William Frederick Varney (October 1, 1884 – December 13, 1960) was an American politician who served as the Prohibition Party's presidential candidate in 1928 and in other New York campaigns.

==Life==

On October 1, 1884, William Frederick Varney was born to Frederick William Varney, who served as president of the Eastern conference of the Methodist Protestant church, in Paterson, New Jersey.

He became a prohibitionist in 1906 after meeting a patient who swore to never drink alcohol again if he recovered his health. From 1912 to 1918 he served as field secretary of the New Jersey Prohibition Party and was elected to the national committee in 1924. He ran for the Prohibition Party's presidential nomination in 1928 (at the 1928 Prohibition National Convention) and narrowly defeated Herbert Hoover, who was nominated by members who did not want their nominee to be a spoiler candidate, with 66 delegates on the second ballot against Hoover's 45 delegates. In the general election he conducted a front porch campaign and only received 20,101 votes (0.09 percent), slightly more than the 14,394 votes Hoover received from the Prohibition ballot line in California, which was the worst performance for a Prohibition presidential nominee since Neal Dow's 10,364 votes in 1880. In 1929 he was elected as president of the Prohibition Party to replace D. Leigh Colvin following his forced resignation.

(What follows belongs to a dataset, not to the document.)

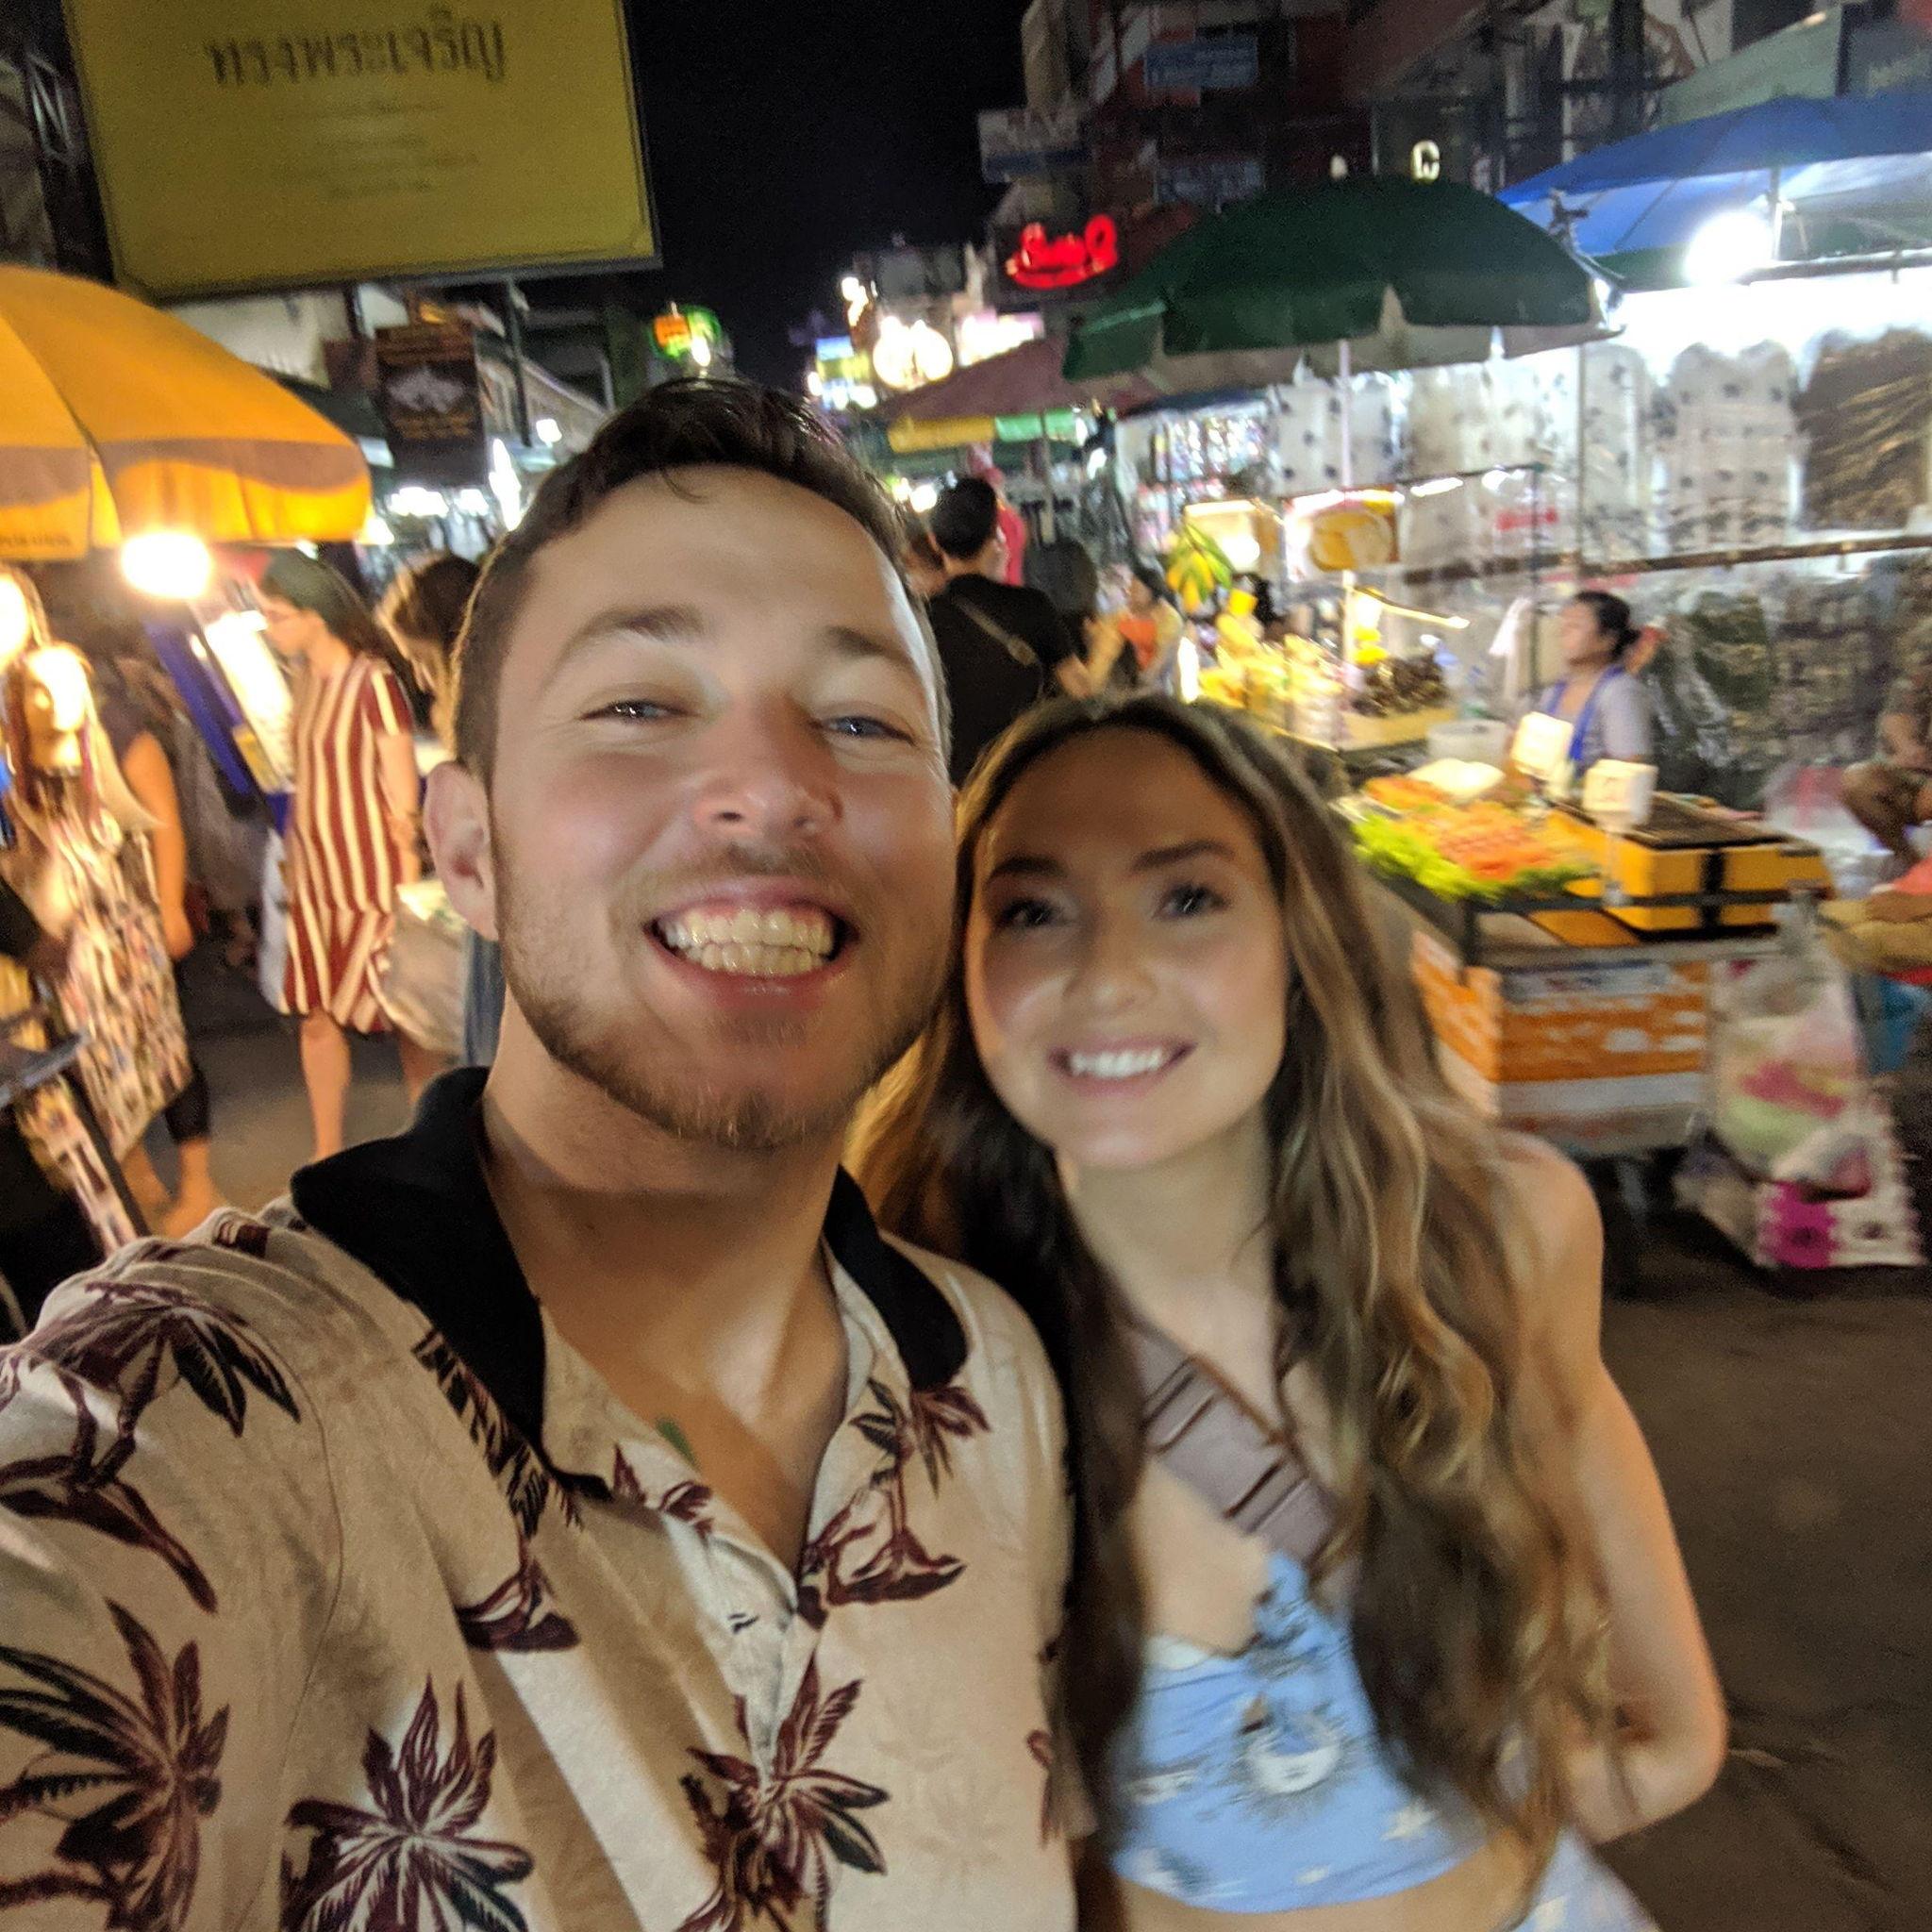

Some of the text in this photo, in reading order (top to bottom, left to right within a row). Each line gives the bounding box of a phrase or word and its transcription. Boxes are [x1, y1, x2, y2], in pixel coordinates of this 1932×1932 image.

[204, 4, 506, 85] ทรงพระเจริญ

He later ran for mayor of Rockville Centre, during which he was accused of being a member of the Ku Klux Klan but he rejected the accusation as false, and in 1934 he ran with the Law Preservation nomination for governor of New York, but only received 20,449 votes causing the party to lose its automatic ballot access.

In 1919, he created an insurance agency and operated it until his retirement in 1957. On December 13, 1960, Varney died from cerebral thrombosis in a nursing home in East Rockaway.